Tout le monde ou presque a déjà entendu le nom de Mumia Abu-Jamal. Voilà déjà plus de 20 ans que ce journaliste noir américain est enfermé dans une prison de Pennsylvanie, en attente de son exécution. 20 ans que des milliers de personnes à travers le monde se mobilisent pour obtenir une révision complète de son jugement. Mais pour mieux comprendre les causes de cette mobilisation, souvent reprise d’ailleurs par de nombreux artistes militants, il convient de nous attacher ici à proposer un rappel historique des faits, et de montrer de manière non-exhaustive un certain nombre de contradictions qui devraient en toute logique amener à une révision du procès.

Qui est Mumia Abu-Jamal ?

Wesley Cook est né le 24 avril 1954 dans les quartiers pauvres de Philadelphie, Pennsylvanie. Il grandit donc dans ce milieu ghettoisé, dans lequel une police raciste impose sa loi à une communauté noire complètement mise à l’écart.

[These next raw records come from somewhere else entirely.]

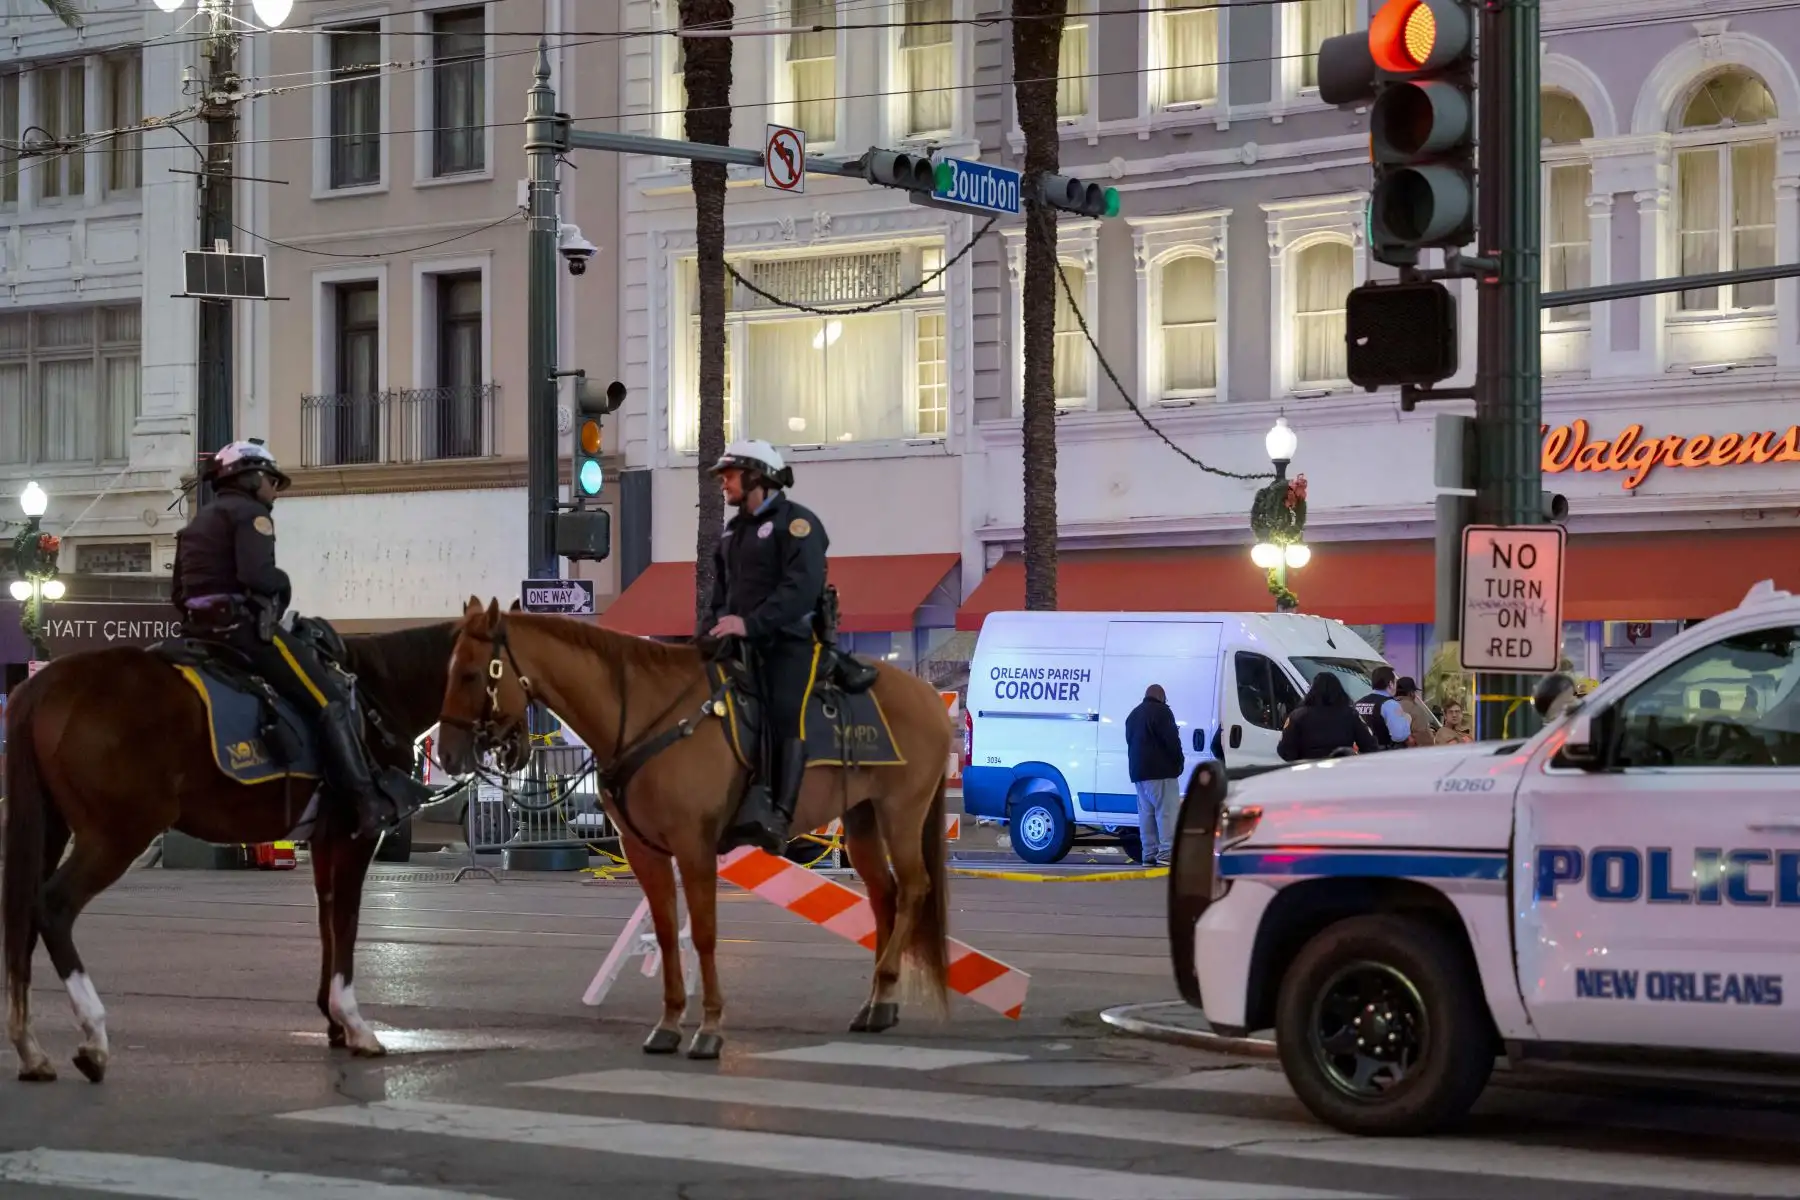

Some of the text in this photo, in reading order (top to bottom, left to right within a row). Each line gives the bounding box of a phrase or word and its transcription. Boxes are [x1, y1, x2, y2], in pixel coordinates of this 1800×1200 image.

[946, 160, 1016, 211] Bourbon
[1540, 418, 1800, 490] Walgreens
[1492, 543, 1537, 569] NO
[529, 590, 573, 604] ONE WAY
[1485, 578, 1542, 599] TURN
[1498, 608, 1527, 629] ON
[42, 619, 182, 641] HYATT CENTRIC
[1490, 637, 1532, 658] RED
[990, 666, 1091, 683] ORLEANS PARISH
[994, 680, 1080, 701] CORONER
[986, 756, 1002, 765] 3034
[1575, 968, 1783, 1006] NEW ORLEANS

Nous sommes dans les années 60, époque de l’arrivée de discours nouveaux concernant la condition des noirs américains, avec les deux grands leaders que sont Martin Luther King et Malcolm X. Le jeune Wesley, devenu Mumia après la rencontre au lycée d’un enseignant kenyan de Swahili qui attribue à ses élèves des prénoms africains, s’engage dans le militantisme. Il faut savoir que le climat de l’époque est particulièrement hostile aux mouvements progressistes. Ainsi, le FBI met en place en 1968 le programme « Cointelpro » (Counter Intelligence Program), dont l’objectif revendiqué est d’anéantir par tous les moyens les aspirations des jeunes révolutionnaires. La même année, alors qu’il n’est âgé que de 14 ans, Mumia se rend à une manifestation lors du meeting pour l’investiture à la présidence de George Wallace, alors gouverneur de l’Alabama, et farouche défenseur des lois ségrégationnistes. Agressé par des blancs, Mumia est également frappé au visage par un policier, dont il dira plus tard : « Je voue une éternelle reconnaissance à ce flic anonyme, car son coup de pied m’a expédié tout droit chez les Panthères Noires ».

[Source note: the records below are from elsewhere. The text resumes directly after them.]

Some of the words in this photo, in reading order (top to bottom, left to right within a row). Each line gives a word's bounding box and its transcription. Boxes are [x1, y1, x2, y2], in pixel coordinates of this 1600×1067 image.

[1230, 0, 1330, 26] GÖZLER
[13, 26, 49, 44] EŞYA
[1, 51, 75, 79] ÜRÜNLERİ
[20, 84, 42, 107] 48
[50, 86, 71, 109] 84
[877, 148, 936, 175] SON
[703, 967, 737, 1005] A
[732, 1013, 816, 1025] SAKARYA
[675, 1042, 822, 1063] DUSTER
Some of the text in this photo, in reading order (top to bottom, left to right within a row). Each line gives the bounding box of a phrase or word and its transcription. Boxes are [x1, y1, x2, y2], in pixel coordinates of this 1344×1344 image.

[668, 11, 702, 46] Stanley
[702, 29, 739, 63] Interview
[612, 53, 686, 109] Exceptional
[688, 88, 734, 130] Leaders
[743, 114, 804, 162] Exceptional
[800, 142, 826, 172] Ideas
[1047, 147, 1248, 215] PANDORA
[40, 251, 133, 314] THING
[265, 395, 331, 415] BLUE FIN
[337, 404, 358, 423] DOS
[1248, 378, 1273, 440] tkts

En 1969, Mumia fonde en effet la section locale des Black Panthers à Philadelphie, et prend très vite d’importantes responsabilités en en devenant l’un des porte-paroles ainsi que le ministre de la communication. Il rédige également des articles pour l’organe central du parti. Ces nombreuses activités lui valent bien sûr une surveillance accrue de la part des autorités américaines, dont les attaques envers les Black Panthers ne cessent de s’aggraver.

En 1971, Mumia travaille comme journaliste et chroniqueur dans une radio de Philadelphie, ce qui lui vaudra le désormais célèbre surnom de « voix des sans-voix ». Son travail de journaliste est très bien reconnu, et il deviendra d’ailleurs en 1981 président de l’Association des Journalistes Noirs de Philadelphie.

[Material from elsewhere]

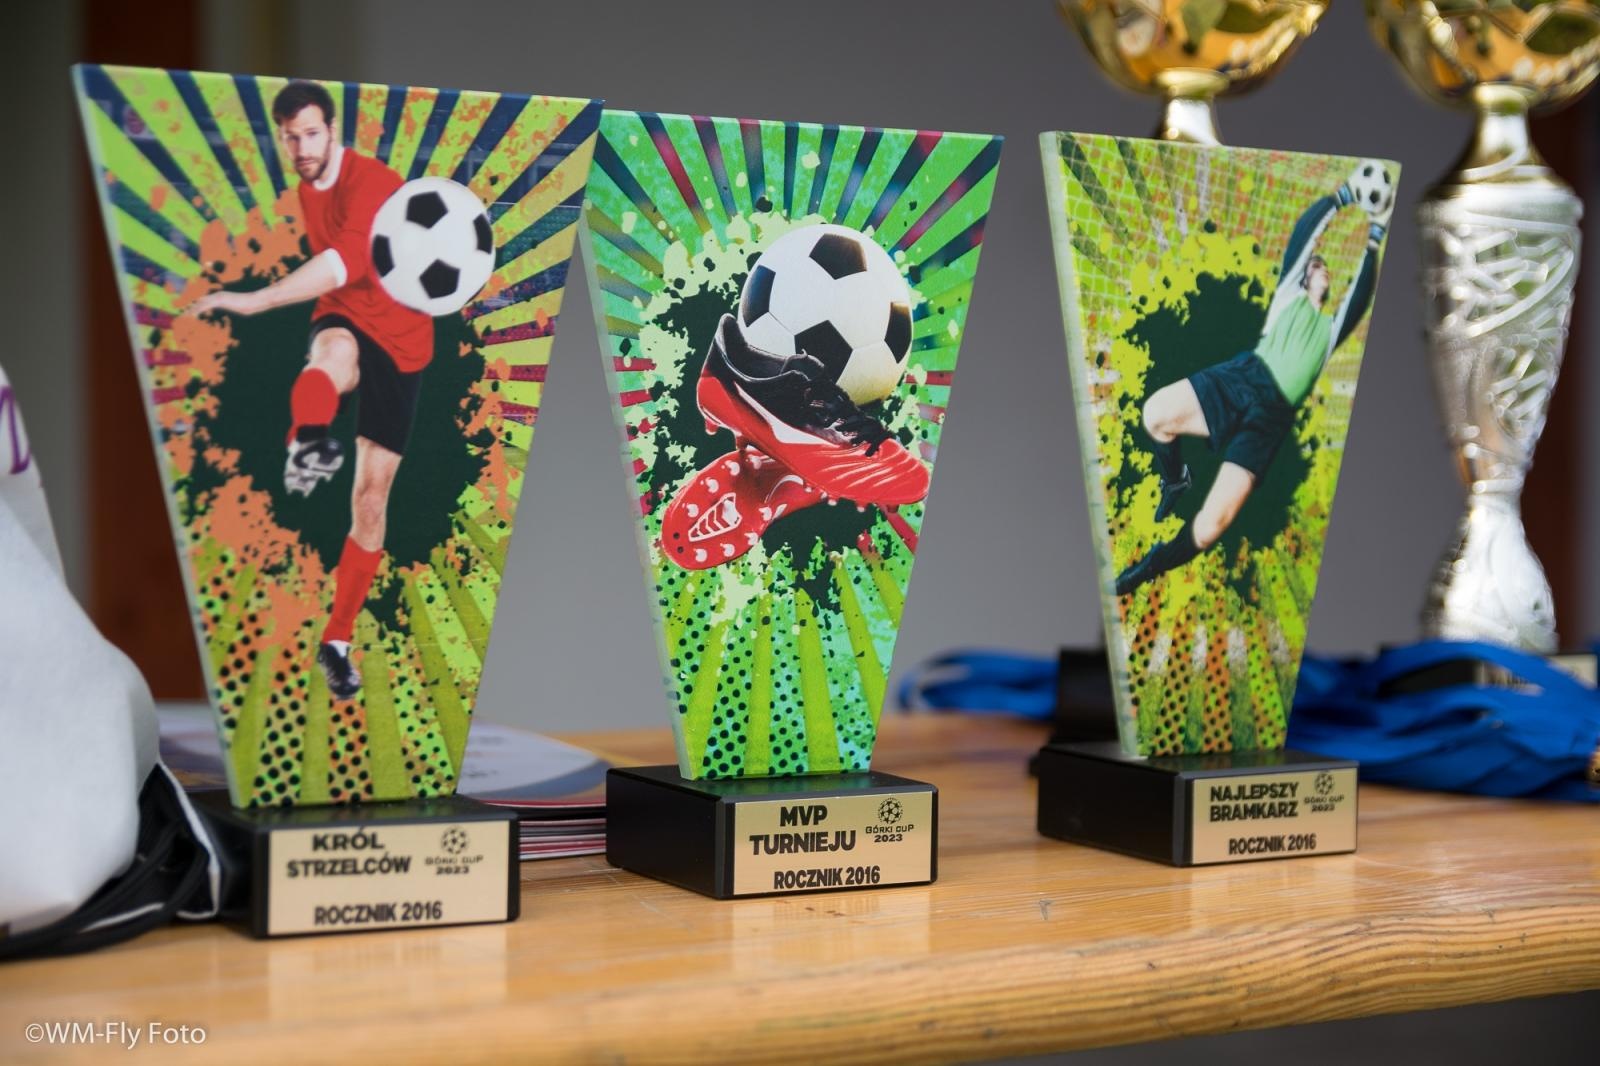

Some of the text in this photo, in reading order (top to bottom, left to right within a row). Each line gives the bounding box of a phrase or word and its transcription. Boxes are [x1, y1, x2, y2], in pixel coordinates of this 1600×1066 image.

Malgré son degré important d’investissement au sein des Black Panthers, Mumia quitte le mouvement en 1974, dégoûté par la tournure auto-destructive des évènements : les Panthers se tuent entre eux, gangrénées par des rivalités internes. « Je me suis dit avec amertume que jamais je ne rejoindrai une autre organisation ». Il croise alors sur sa route l’organisation MOVE, fondée par John Africa. Il s’attache dès lors à produire de fidèles reportages sur ce mouvement, mélange de groupuscule politique et de communauté libertaire, vouant un culte aux racines africaines, et dénonçant les inégalités et le racisme. Mumia doit faire face aux sévères critiques de ses employeurs d’une part, de la police d’autre part. Ses papiers s’imprègnent peu à peu des thèses de John Africa, mélant radicalité politique, revendication identitaire, et libéralisation des moeurs. Il perd son emploi fixe, reste pigiste mais devient chauffeur de taxi pour survivre…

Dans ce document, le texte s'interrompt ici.